Exercise requirements:
The expected output is the complete listing, unchanged.

-- Opening Marker --

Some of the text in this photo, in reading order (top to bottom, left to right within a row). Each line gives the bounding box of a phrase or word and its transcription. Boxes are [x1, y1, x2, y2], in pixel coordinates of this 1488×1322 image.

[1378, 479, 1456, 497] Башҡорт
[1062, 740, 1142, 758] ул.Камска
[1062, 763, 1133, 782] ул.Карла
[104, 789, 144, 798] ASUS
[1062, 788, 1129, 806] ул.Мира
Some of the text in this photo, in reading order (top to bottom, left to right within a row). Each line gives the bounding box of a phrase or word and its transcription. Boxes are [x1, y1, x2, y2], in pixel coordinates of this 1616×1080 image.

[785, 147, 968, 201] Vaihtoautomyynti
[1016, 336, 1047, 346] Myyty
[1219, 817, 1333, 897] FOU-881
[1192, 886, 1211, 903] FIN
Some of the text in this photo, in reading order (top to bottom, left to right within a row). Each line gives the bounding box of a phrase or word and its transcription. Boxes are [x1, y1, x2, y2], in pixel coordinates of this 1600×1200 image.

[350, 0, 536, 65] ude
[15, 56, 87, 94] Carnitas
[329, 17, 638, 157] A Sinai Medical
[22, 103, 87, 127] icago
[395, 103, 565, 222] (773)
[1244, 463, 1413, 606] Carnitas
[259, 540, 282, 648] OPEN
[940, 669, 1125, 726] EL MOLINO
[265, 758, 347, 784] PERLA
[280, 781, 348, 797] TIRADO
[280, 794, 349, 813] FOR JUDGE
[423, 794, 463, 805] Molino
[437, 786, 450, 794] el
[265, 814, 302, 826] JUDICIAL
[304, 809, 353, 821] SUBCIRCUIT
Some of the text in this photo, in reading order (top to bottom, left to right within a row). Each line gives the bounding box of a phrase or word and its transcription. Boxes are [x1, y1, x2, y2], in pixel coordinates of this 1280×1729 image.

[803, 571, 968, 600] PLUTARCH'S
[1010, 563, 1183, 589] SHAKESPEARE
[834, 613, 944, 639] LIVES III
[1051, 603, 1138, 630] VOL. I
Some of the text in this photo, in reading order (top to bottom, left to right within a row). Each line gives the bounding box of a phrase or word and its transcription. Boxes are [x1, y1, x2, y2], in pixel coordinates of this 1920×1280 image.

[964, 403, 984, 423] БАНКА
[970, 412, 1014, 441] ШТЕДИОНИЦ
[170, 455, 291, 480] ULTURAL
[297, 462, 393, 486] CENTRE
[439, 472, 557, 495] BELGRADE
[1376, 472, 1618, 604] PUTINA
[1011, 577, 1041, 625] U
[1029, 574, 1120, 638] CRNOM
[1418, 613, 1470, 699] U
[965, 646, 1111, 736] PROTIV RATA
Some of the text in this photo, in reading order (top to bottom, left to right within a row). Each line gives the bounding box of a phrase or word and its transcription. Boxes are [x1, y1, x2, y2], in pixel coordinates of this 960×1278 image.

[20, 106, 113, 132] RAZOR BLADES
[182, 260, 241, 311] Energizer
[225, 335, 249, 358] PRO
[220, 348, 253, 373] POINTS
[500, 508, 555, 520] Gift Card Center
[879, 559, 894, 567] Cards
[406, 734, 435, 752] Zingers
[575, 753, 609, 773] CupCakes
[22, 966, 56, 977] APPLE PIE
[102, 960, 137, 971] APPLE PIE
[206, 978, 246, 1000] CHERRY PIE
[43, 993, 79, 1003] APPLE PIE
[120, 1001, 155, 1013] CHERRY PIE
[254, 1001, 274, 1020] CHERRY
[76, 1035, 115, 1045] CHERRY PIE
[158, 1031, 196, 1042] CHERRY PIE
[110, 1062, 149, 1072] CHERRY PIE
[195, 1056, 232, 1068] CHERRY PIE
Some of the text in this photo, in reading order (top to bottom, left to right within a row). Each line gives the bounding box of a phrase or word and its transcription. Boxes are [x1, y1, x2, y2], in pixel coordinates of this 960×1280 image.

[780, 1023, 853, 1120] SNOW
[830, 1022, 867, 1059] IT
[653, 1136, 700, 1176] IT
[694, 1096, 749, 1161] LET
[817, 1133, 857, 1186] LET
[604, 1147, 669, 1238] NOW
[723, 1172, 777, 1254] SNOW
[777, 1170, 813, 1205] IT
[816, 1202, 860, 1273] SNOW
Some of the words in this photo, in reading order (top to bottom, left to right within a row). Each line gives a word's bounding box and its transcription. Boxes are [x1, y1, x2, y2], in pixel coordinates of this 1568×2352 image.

-- Closing Marker --

Solution:
Some of the text in this photo, in reading order (top to bottom, left to right within a row). Each line gives the bounding box of a phrase or word and its transcription. Boxes are [x1, y1, x2, y2], in pixel coordinates of this 1488×1322 image.

[1378, 479, 1456, 497] Башҡорт
[1062, 740, 1142, 758] ул.Камска
[1062, 763, 1133, 782] ул.Карла
[104, 789, 144, 798] ASUS
[1062, 788, 1129, 806] ул.Мира
Some of the text in this photo, in reading order (top to bottom, left to right within a row). Each line gives the bounding box of a phrase or word and its transcription. Boxes are [x1, y1, x2, y2], in pixel coordinates of this 1616×1080 image.

[785, 147, 968, 201] Vaihtoautomyynti
[1016, 336, 1047, 346] Myyty
[1219, 817, 1333, 897] FOU-881
[1192, 886, 1211, 903] FIN
Some of the text in this photo, in reading order (top to bottom, left to right within a row). Each line gives the bounding box of a phrase or word and its transcription. Boxes are [x1, y1, x2, y2], in pixel coordinates of this 1600×1200 image.

[350, 0, 536, 65] ude
[15, 56, 87, 94] Carnitas
[329, 17, 638, 157] A Sinai Medical
[22, 103, 87, 127] icago
[395, 103, 565, 222] (773)
[1244, 463, 1413, 606] Carnitas
[259, 540, 282, 648] OPEN
[940, 669, 1125, 726] EL MOLINO
[265, 758, 347, 784] PERLA
[280, 781, 348, 797] TIRADO
[280, 794, 349, 813] FOR JUDGE
[423, 794, 463, 805] Molino
[437, 786, 450, 794] el
[265, 814, 302, 826] JUDICIAL
[304, 809, 353, 821] SUBCIRCUIT
Some of the text in this photo, in reading order (top to bottom, left to right within a row). Each line gives the bounding box of a phrase or word and its transcription. Boxes are [x1, y1, x2, y2], in pixel coordinates of this 1280×1729 image.

[803, 571, 968, 600] PLUTARCH'S
[1010, 563, 1183, 589] SHAKESPEARE
[834, 613, 944, 639] LIVES III
[1051, 603, 1138, 630] VOL. I
Some of the text in this photo, in reading order (top to bottom, left to right within a row). Each line gives the bounding box of a phrase or word and its transcription. Boxes are [x1, y1, x2, y2], in pixel coordinates of this 1920×1280 image.

[964, 403, 984, 423] БАНКА
[970, 412, 1014, 441] ШТЕДИОНИЦ
[170, 455, 291, 480] ULTURAL
[297, 462, 393, 486] CENTRE
[439, 472, 557, 495] BELGRADE
[1376, 472, 1618, 604] PUTINA
[1011, 577, 1041, 625] U
[1029, 574, 1120, 638] CRNOM
[1418, 613, 1470, 699] U
[965, 646, 1111, 736] PROTIV RATA
Some of the text in this photo, in reading order (top to bottom, left to right within a row). Each line gives the bounding box of a phrase or word and its transcription. Boxes are [x1, y1, x2, y2], in pixel coordinates of this 960×1278 image.

[20, 106, 113, 132] RAZOR BLADES
[182, 260, 241, 311] Energizer
[225, 335, 249, 358] PRO
[220, 348, 253, 373] POINTS
[500, 508, 555, 520] Gift Card Center
[879, 559, 894, 567] Cards
[406, 734, 435, 752] Zingers
[575, 753, 609, 773] CupCakes
[22, 966, 56, 977] APPLE PIE
[102, 960, 137, 971] APPLE PIE
[206, 978, 246, 1000] CHERRY PIE
[43, 993, 79, 1003] APPLE PIE
[120, 1001, 155, 1013] CHERRY PIE
[254, 1001, 274, 1020] CHERRY
[76, 1035, 115, 1045] CHERRY PIE
[158, 1031, 196, 1042] CHERRY PIE
[110, 1062, 149, 1072] CHERRY PIE
[195, 1056, 232, 1068] CHERRY PIE
Some of the text in this photo, in reading order (top to bottom, left to right within a row). Each line gives the bounding box of a phrase or word and its transcription. Boxes are [x1, y1, x2, y2], in pixel coordinates of this 960×1280 image.

[780, 1023, 853, 1120] SNOW
[830, 1022, 867, 1059] IT
[653, 1136, 700, 1176] IT
[694, 1096, 749, 1161] LET
[817, 1133, 857, 1186] LET
[604, 1147, 669, 1238] NOW
[723, 1172, 777, 1254] SNOW
[777, 1170, 813, 1205] IT
[816, 1202, 860, 1273] SNOW
Some of the words in this photo, in reading order (top to bottom, left to right within a row). Each line gives a word's bounding box and its transcription. Boxes are [x1, y1, x2, y2], in pixel coordinates of this 1568×2352 image.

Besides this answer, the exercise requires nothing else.